**What the exercise asks:** Return the listing exactly as it appears, but strip out the images.

**Data provided:**
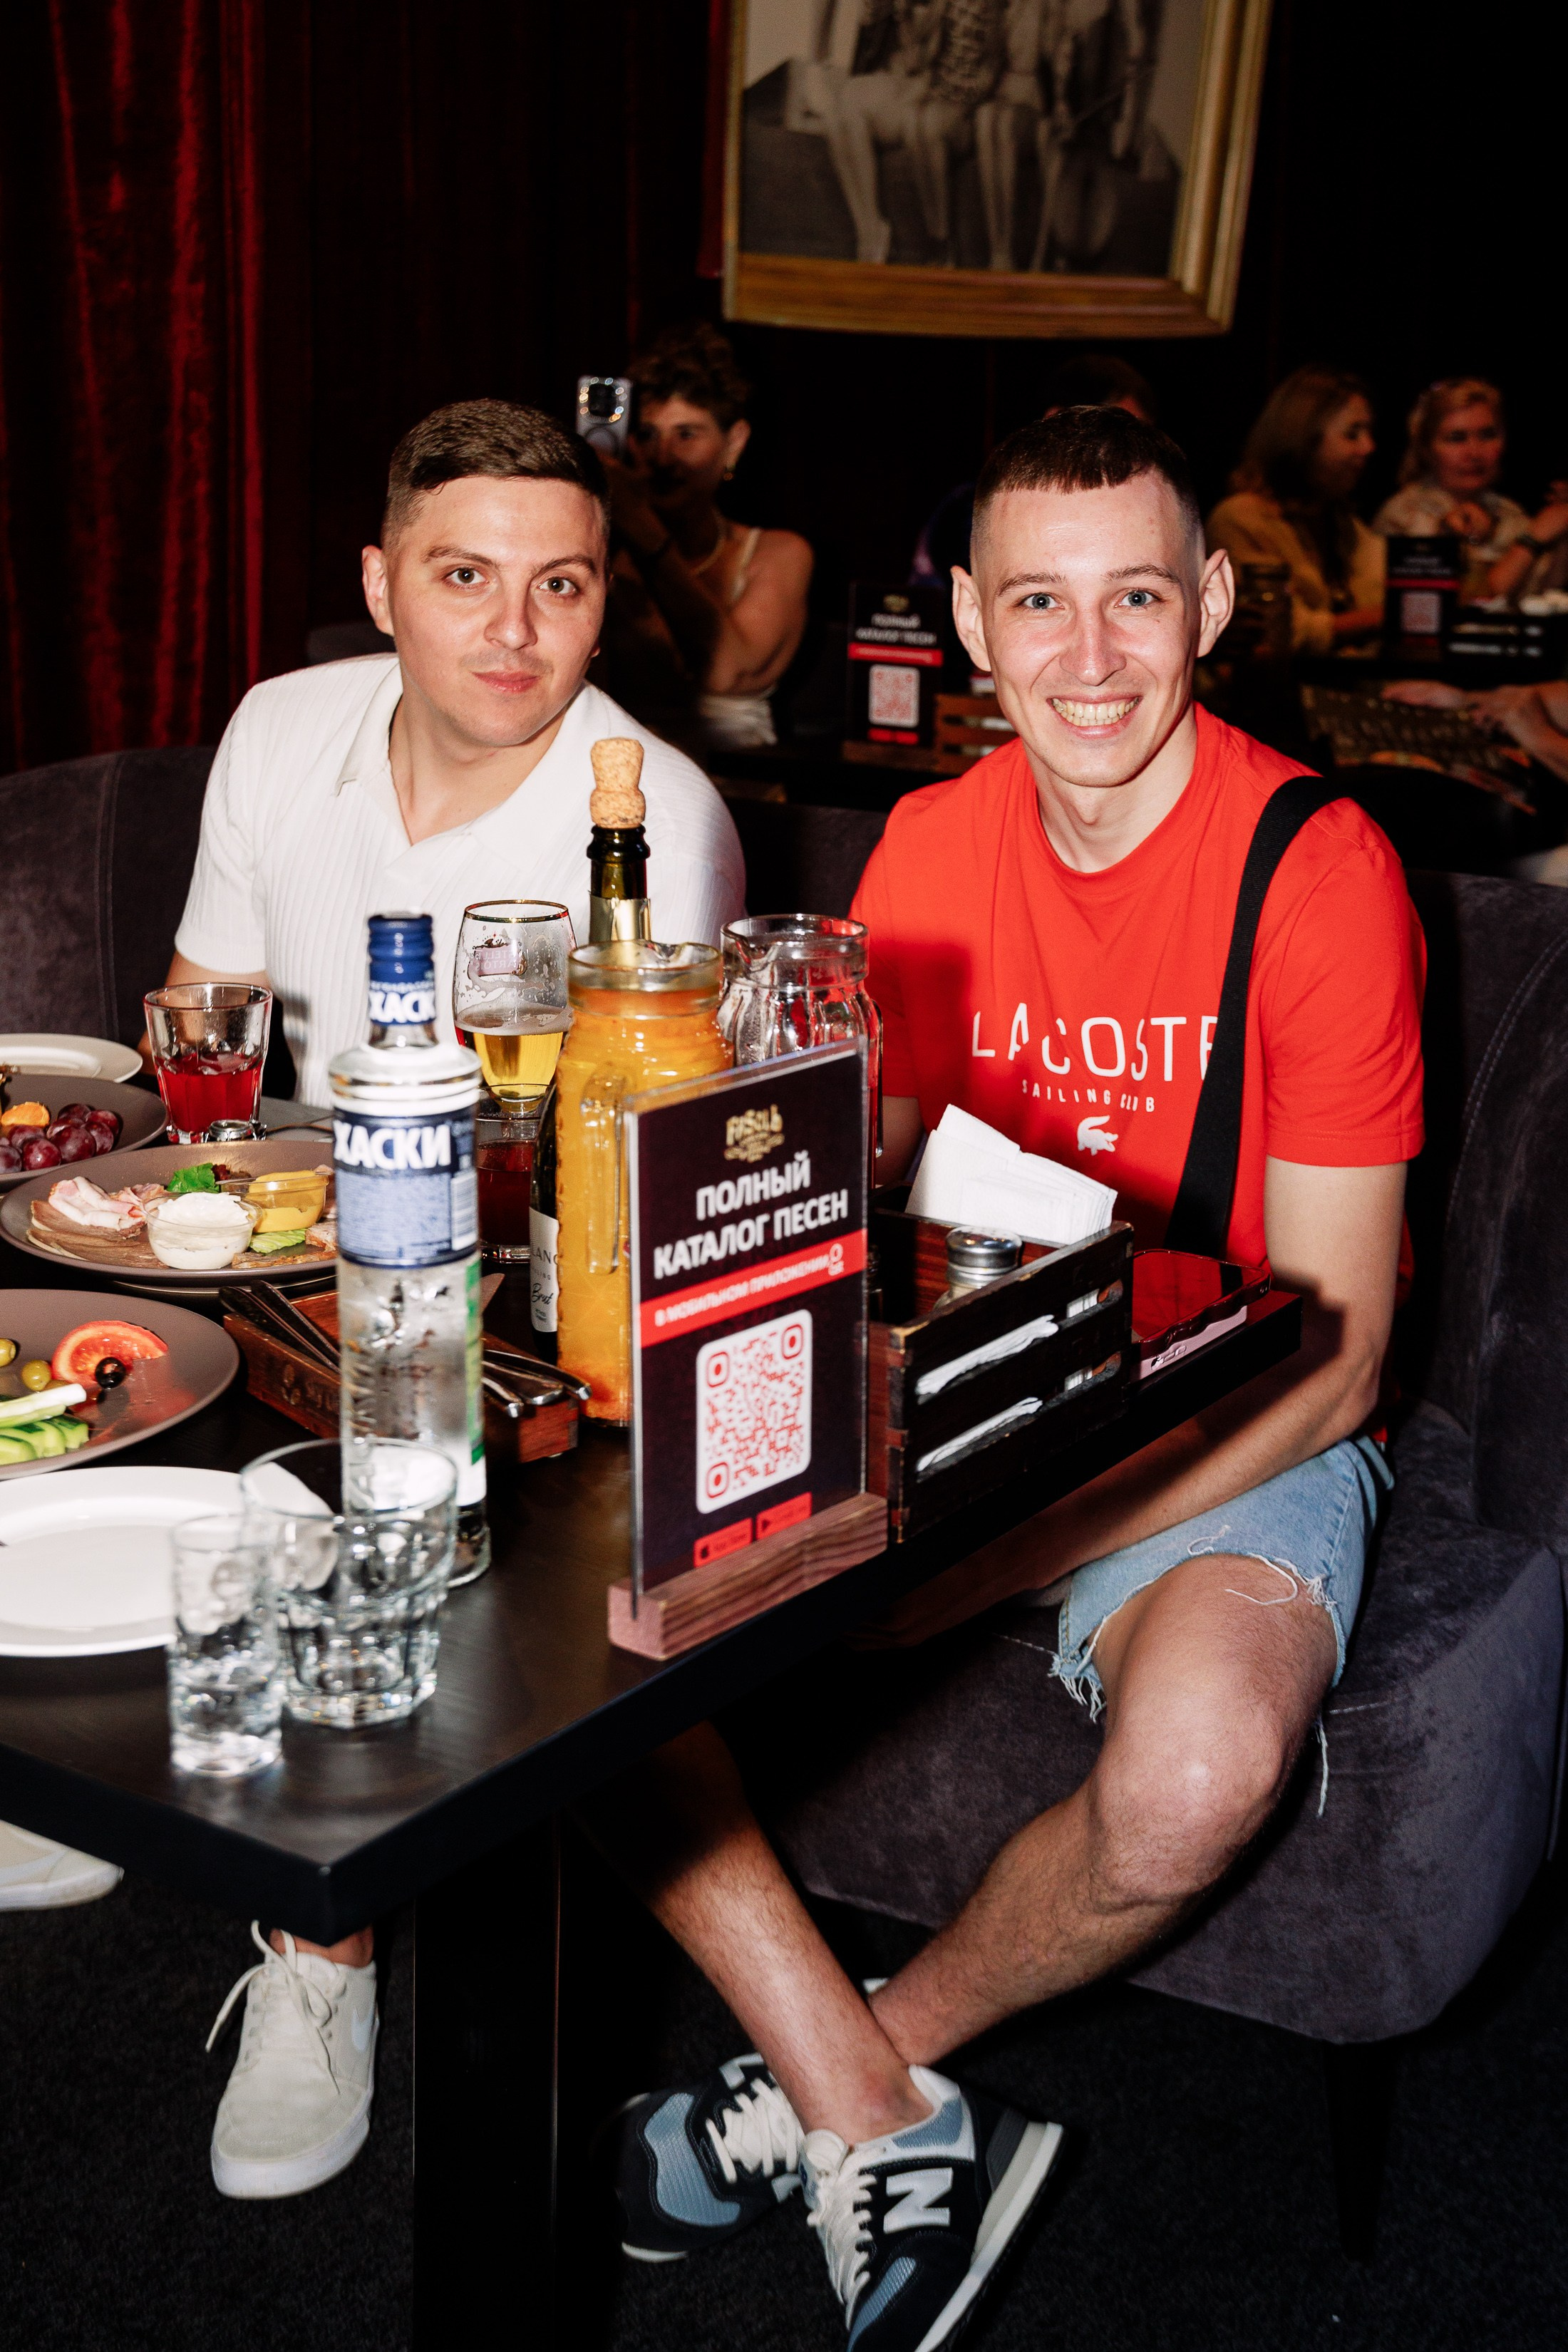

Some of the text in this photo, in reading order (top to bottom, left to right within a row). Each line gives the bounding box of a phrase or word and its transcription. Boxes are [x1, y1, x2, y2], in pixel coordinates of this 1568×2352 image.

[1022, 1079, 1110, 1105] SAILING
[333, 1119, 451, 1170] ХАСКИ
[696, 1150, 811, 1220] ПОЛНЫЙ
[654, 1189, 848, 1279] КАТАЛОГ ПЕСЕН

**Exercise solution:**
Some of the text in this photo, in reading order (top to bottom, left to right within a row). Each line gives the bounding box of a phrase or word and its transcription. Boxes are [x1, y1, x2, y2], in pixel coordinates of this 1568×2352 image.

[1022, 1079, 1110, 1105] SAILING
[333, 1119, 451, 1170] ХАСКИ
[696, 1150, 811, 1220] ПОЛНЫЙ
[654, 1189, 848, 1279] КАТАЛОГ ПЕСЕН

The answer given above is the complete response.